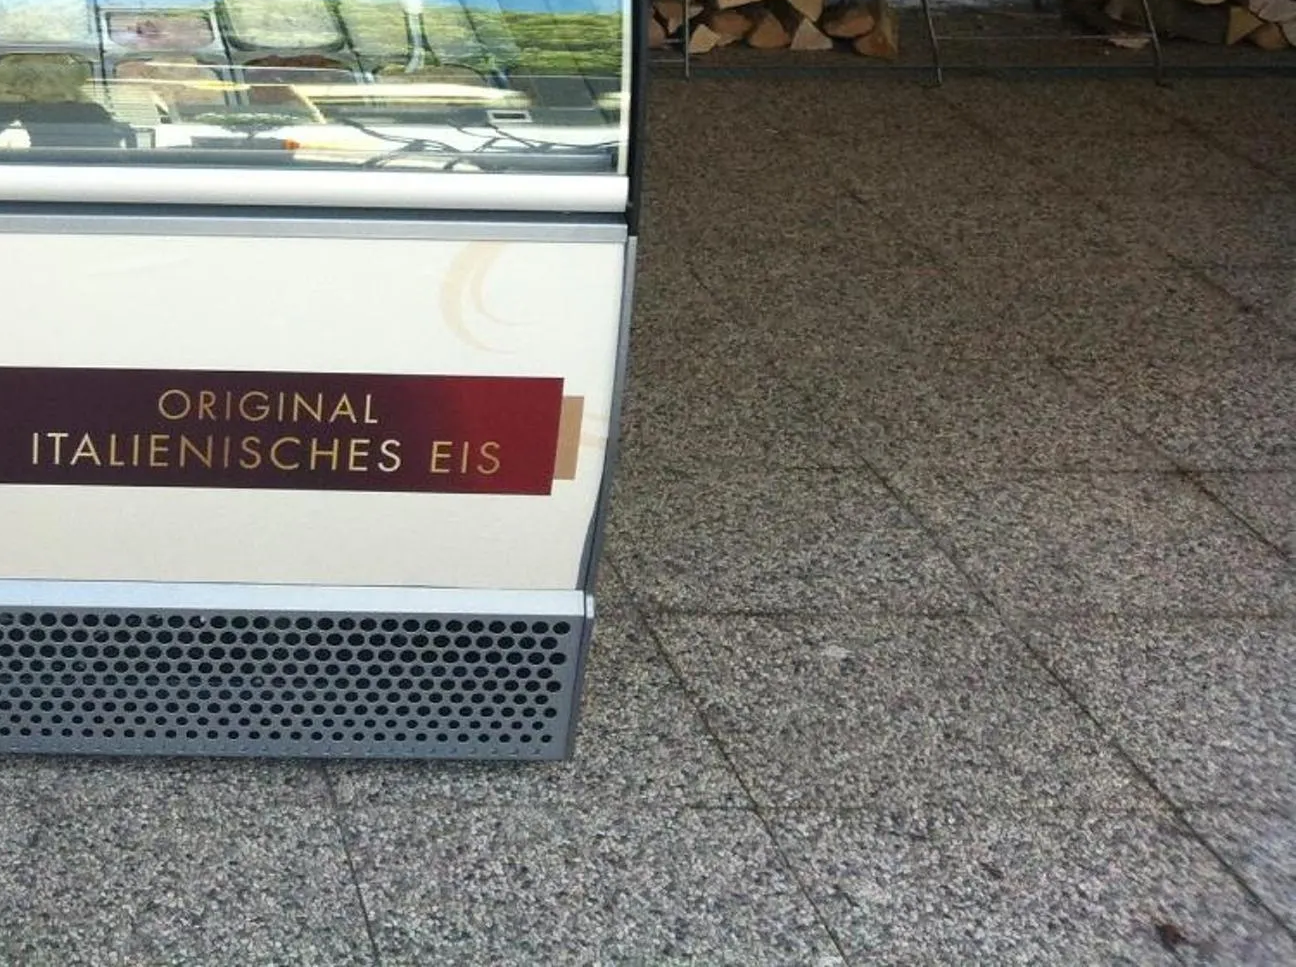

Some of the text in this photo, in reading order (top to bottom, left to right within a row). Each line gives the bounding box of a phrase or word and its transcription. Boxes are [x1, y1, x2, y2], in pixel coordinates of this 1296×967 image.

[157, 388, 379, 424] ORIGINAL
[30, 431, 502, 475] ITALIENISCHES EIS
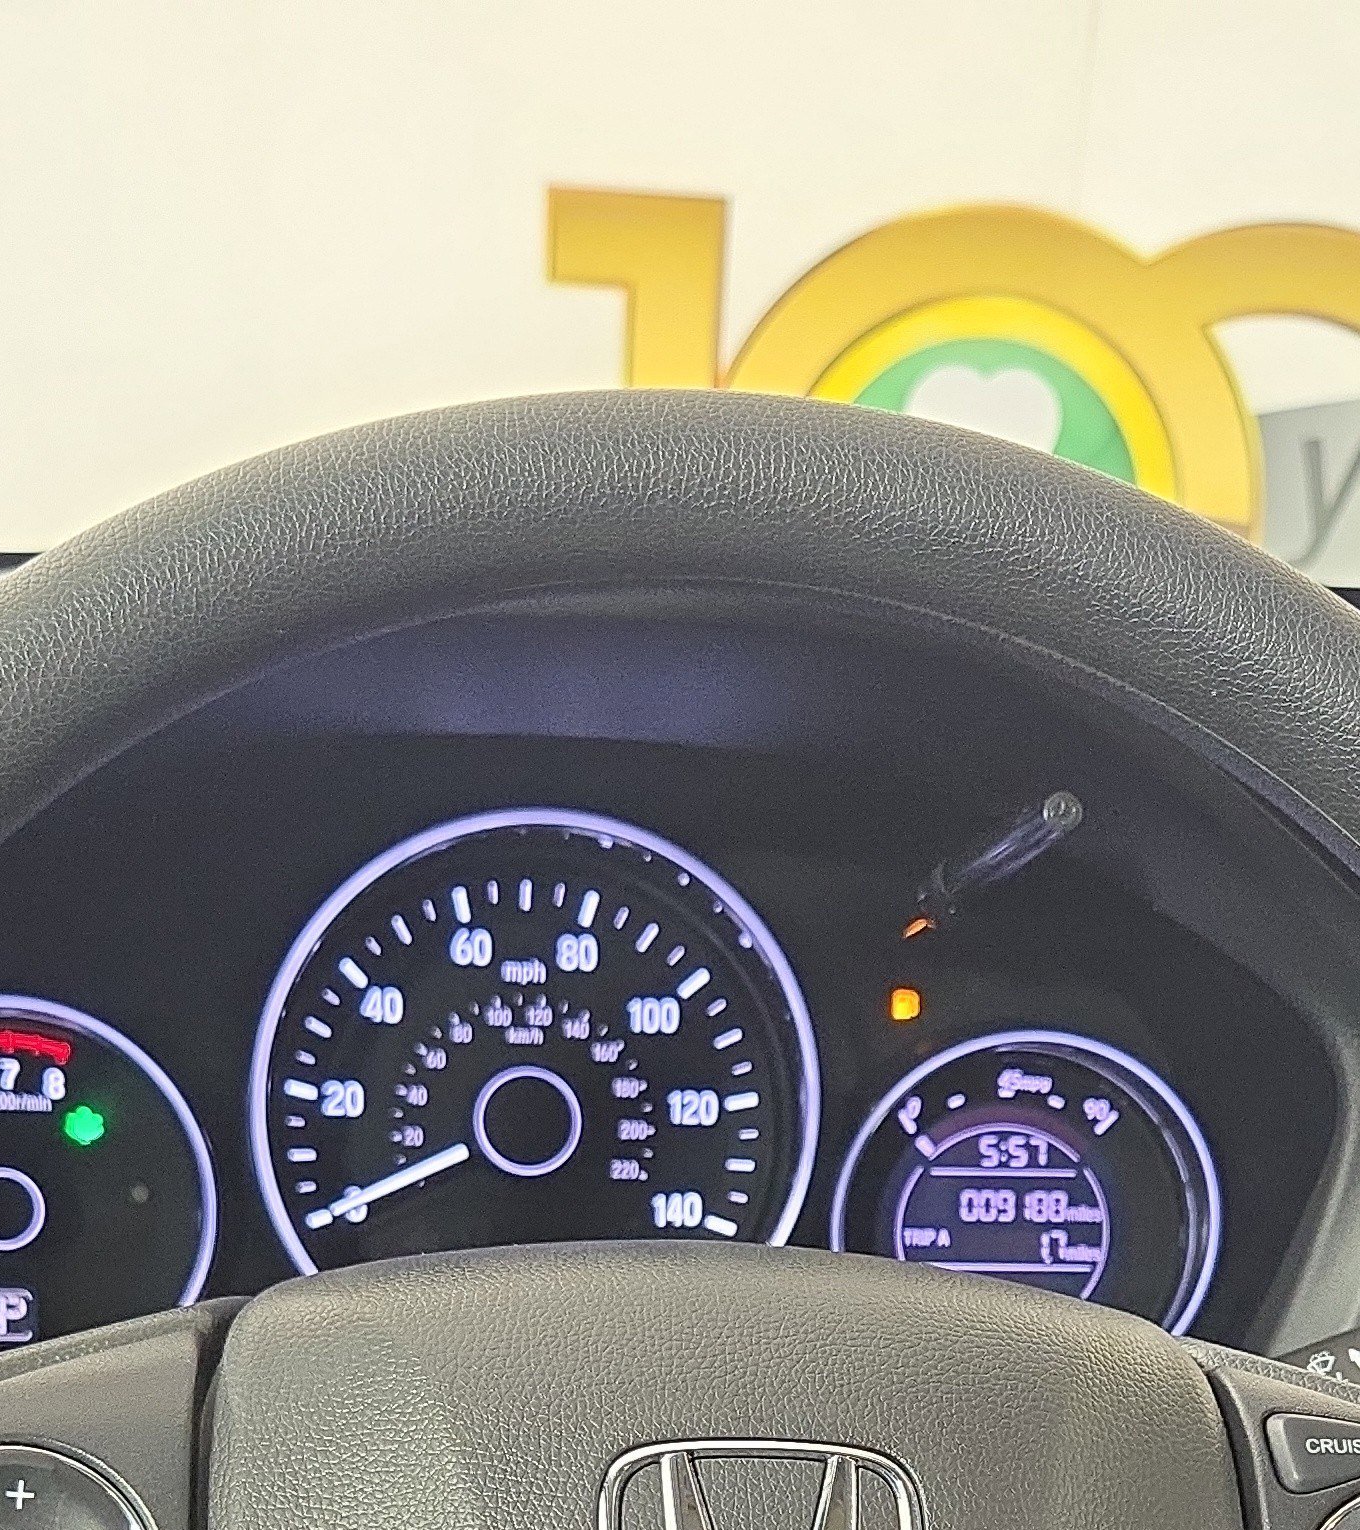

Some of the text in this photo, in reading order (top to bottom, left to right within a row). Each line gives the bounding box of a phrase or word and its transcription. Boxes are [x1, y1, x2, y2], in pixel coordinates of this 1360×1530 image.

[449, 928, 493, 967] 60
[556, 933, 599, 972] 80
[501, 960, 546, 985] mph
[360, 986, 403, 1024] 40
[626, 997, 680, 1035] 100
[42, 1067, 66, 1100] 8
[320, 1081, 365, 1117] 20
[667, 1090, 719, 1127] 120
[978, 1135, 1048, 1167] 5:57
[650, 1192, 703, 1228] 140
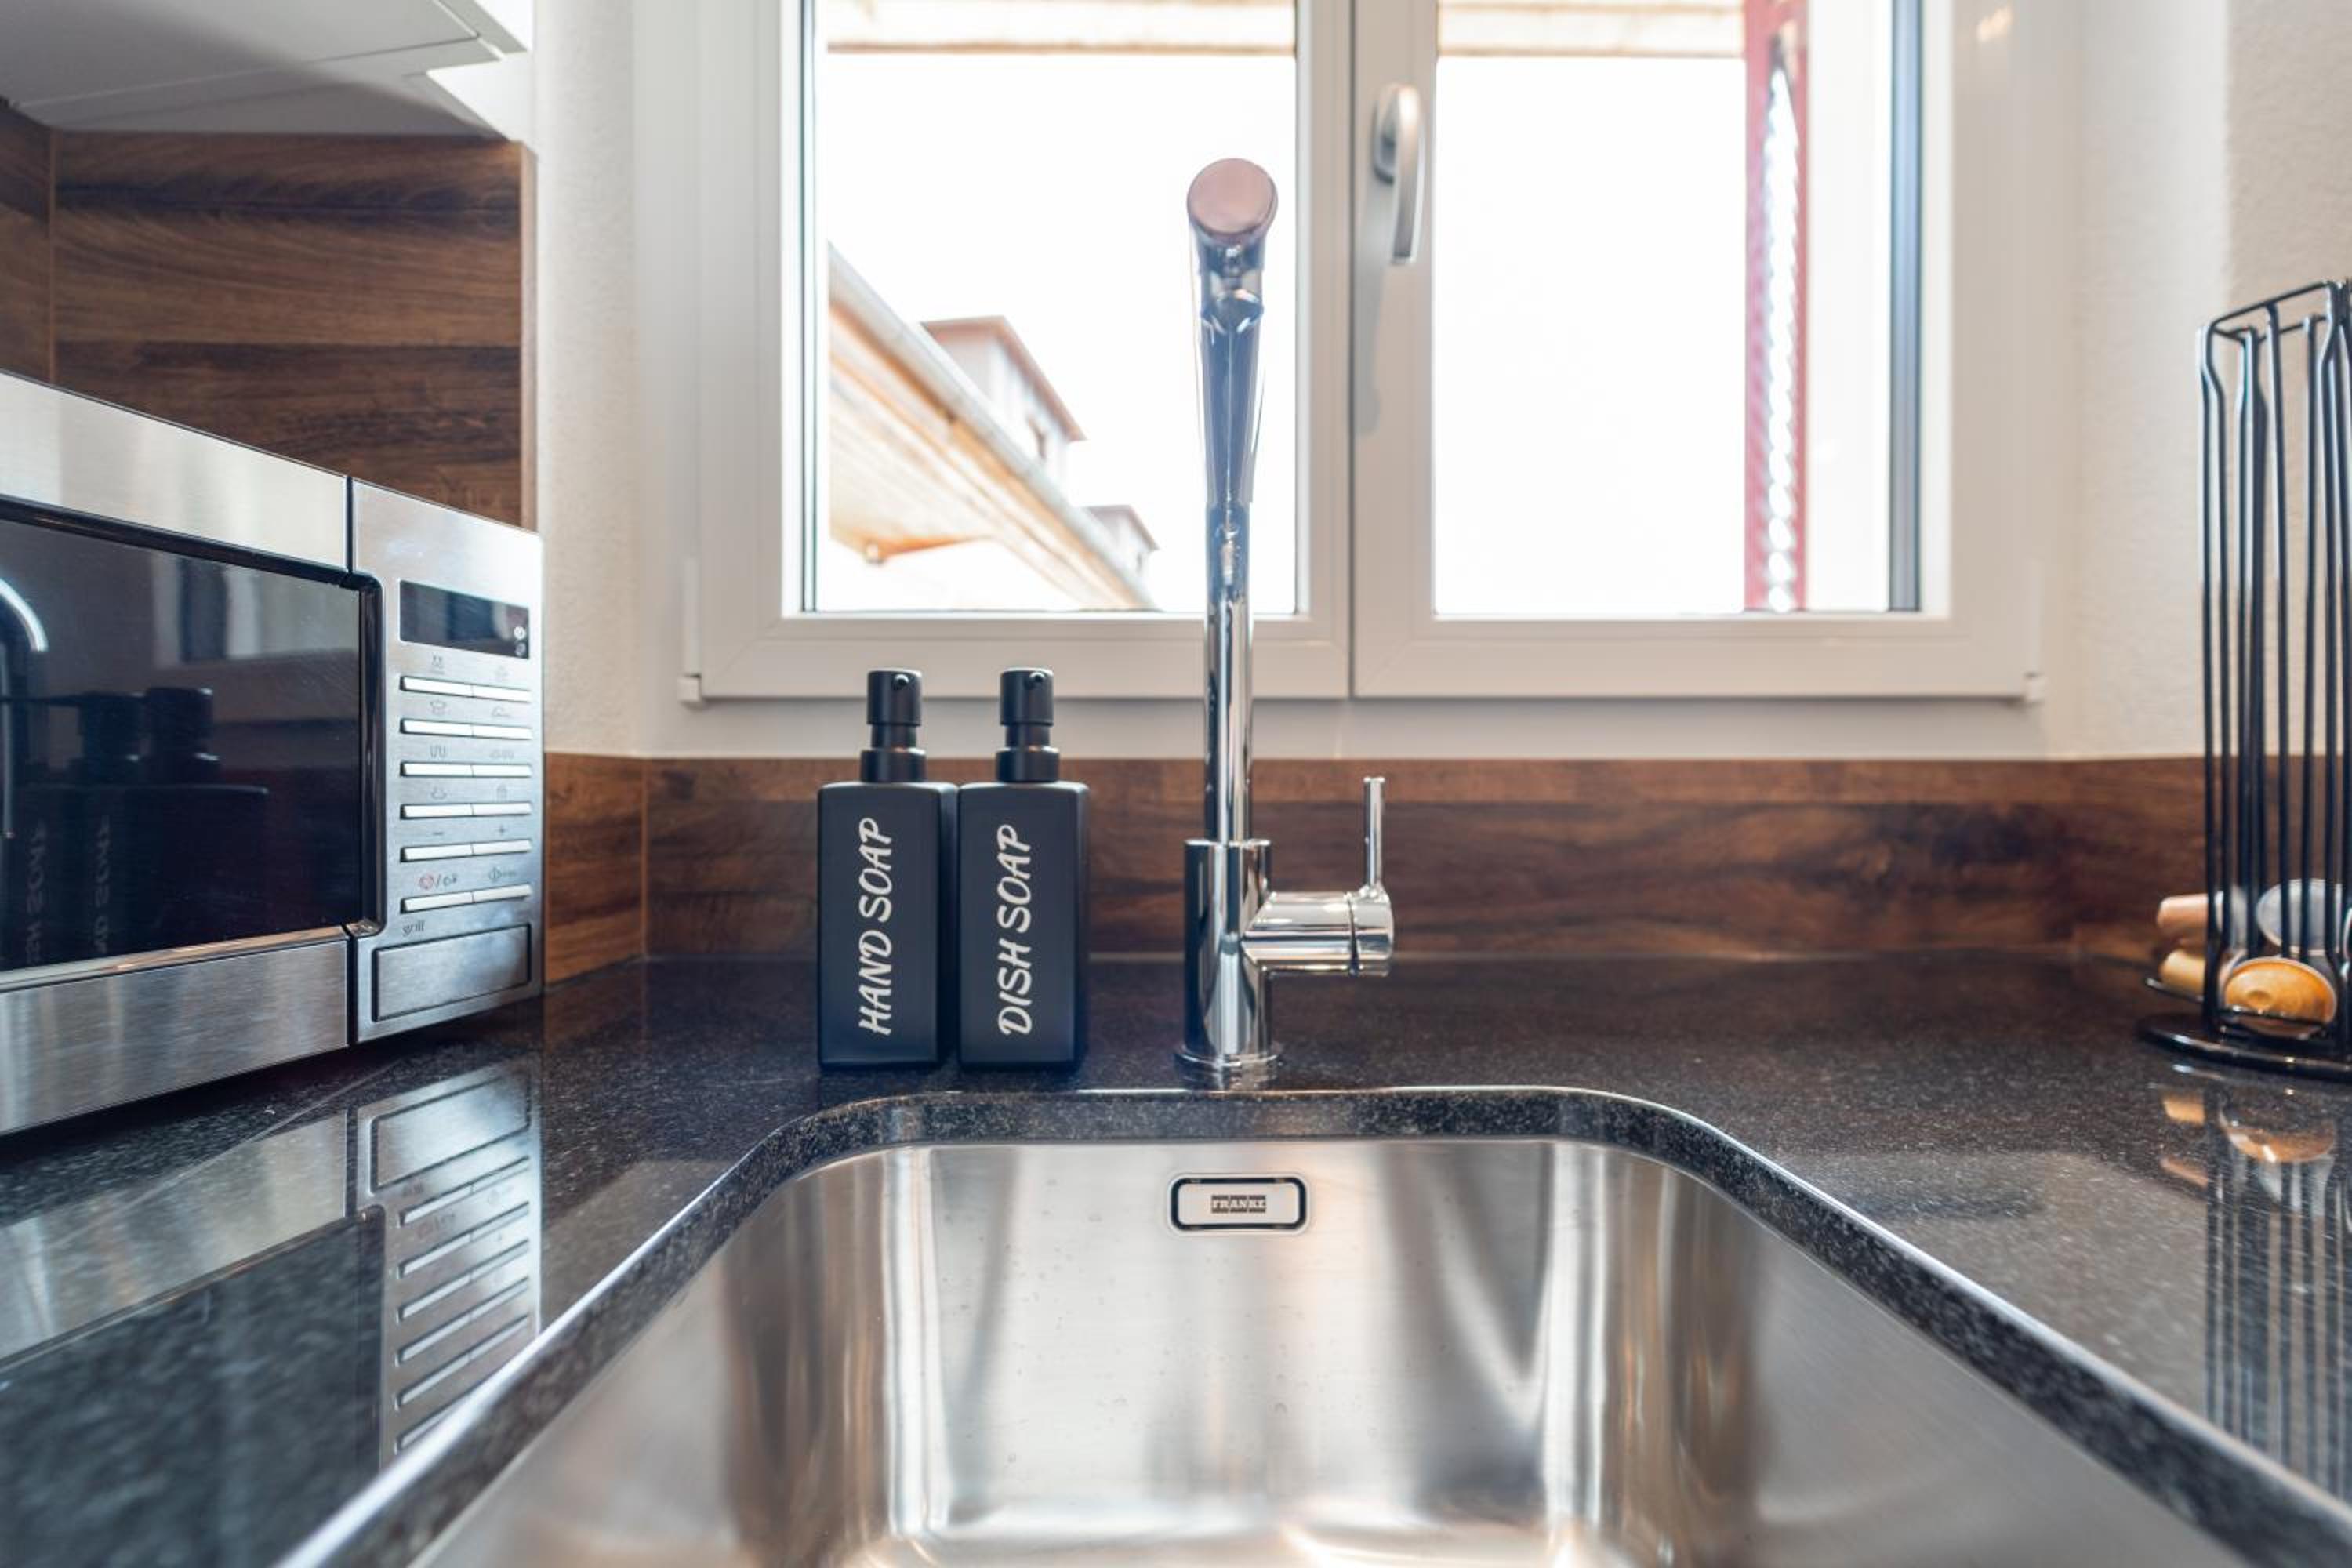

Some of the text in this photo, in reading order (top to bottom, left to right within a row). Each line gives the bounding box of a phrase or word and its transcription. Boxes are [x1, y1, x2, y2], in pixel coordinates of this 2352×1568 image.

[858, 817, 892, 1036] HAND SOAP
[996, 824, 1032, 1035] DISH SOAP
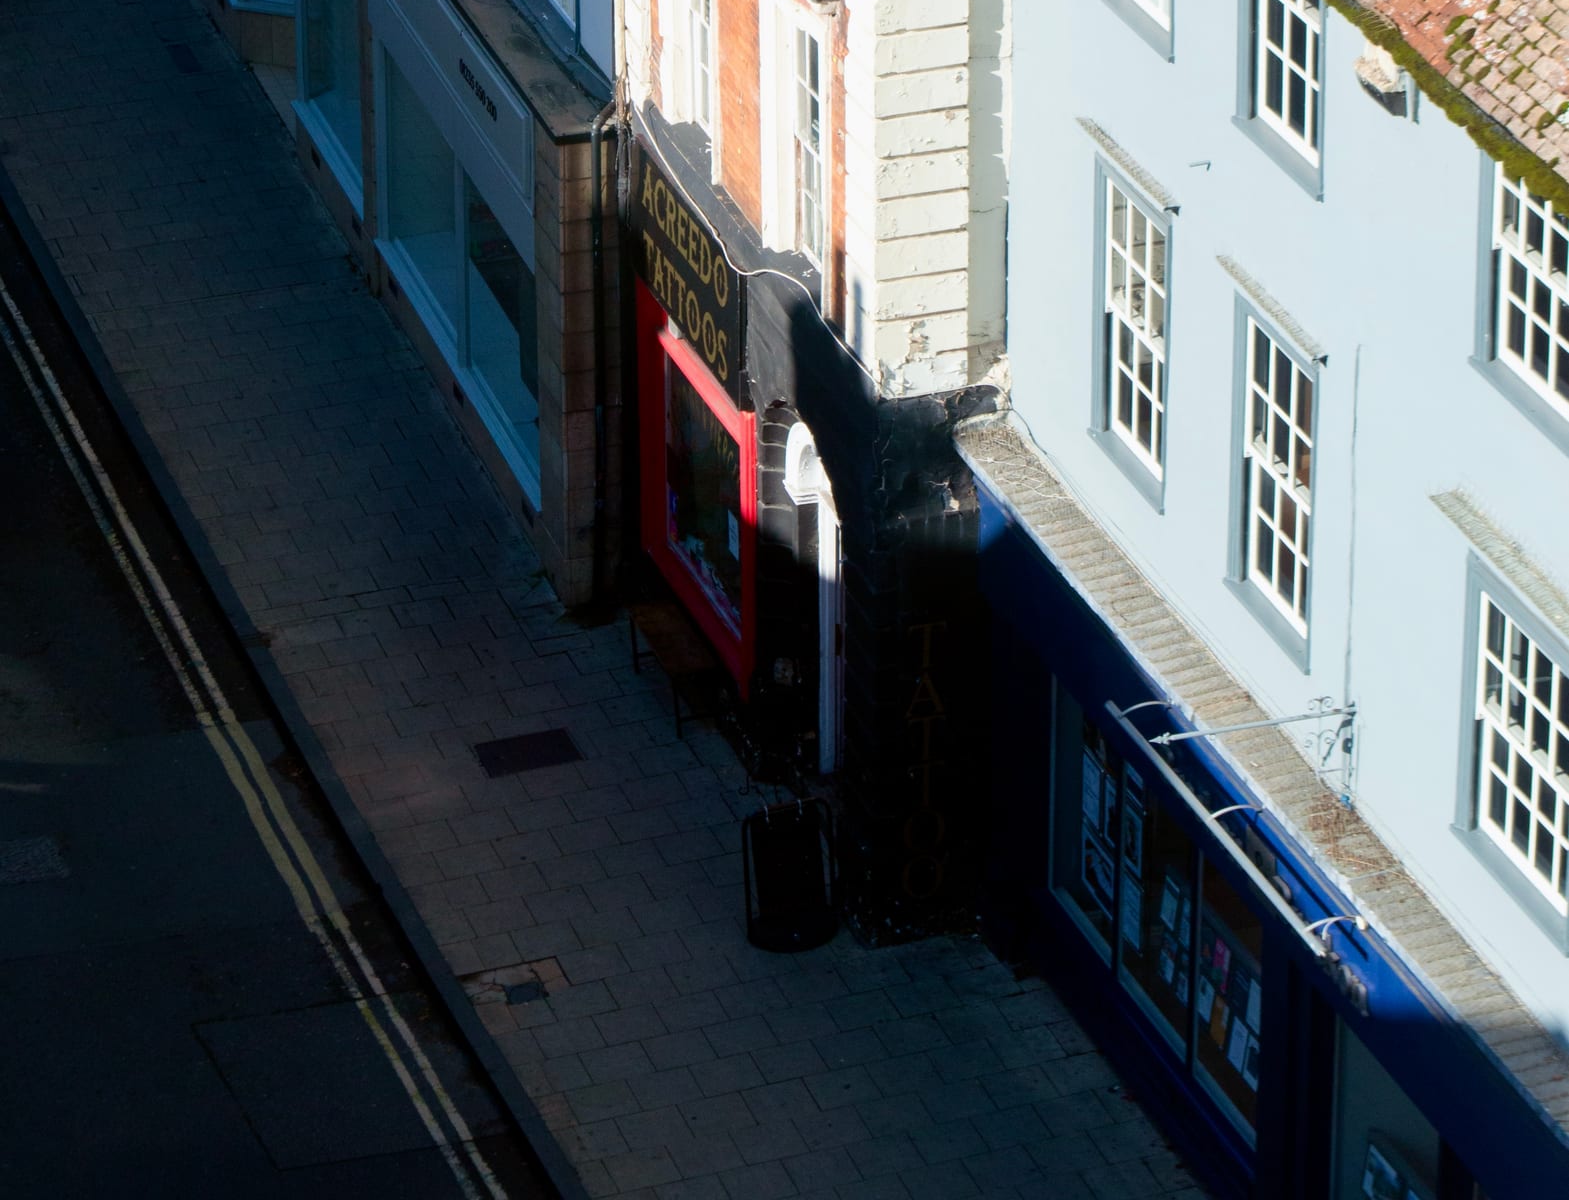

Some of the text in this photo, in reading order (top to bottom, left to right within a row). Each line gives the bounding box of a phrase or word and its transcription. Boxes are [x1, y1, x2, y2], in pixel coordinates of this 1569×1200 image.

──────────────────────────────

EXERCISE OBJECTIVE: Write out the entries again, word for word. No images.

RESPONSE BOX:
Some of the text in this photo, in reading order (top to bottom, left to right within a row). Each line gives the bounding box of a phrase or word and its transcription. Boxes are [x1, y1, x2, y2], in pixel coordinates of this 1296×967 image.

[157, 388, 379, 424] ORIGINAL
[30, 431, 502, 475] ITALIENISCHES EIS

Some of the text in this photo, in reading order (top to bottom, left to right within a row). Each line gives the bounding box of a phrase or word and its transcription. Boxes are [x1, y1, x2, y2], in pixel coordinates of this 1360×1530 image.

[449, 928, 493, 967] 60
[556, 933, 599, 972] 80
[501, 960, 546, 985] mph
[360, 986, 403, 1024] 40
[626, 997, 680, 1035] 100
[42, 1067, 66, 1100] 8
[320, 1081, 365, 1117] 20
[667, 1090, 719, 1127] 120
[978, 1135, 1048, 1167] 5:57
[650, 1192, 703, 1228] 140

Some of the text in this photo, in reading order (top to bottom, left to right within a row). Each line gives the bounding box of a phrase or word and its transcription. Boxes are [x1, y1, x2, y2], in pixel coordinates of this 2352×1568 image.

[858, 817, 892, 1036] HAND SOAP
[996, 824, 1032, 1035] DISH SOAP

Some of the text in this photo, in reading order (top to bottom, left to right within a row). Each line gives the bounding box of a phrase or word and its transcription. Boxes are [x1, y1, x2, y2], in pixel coordinates of this 1569×1200 image.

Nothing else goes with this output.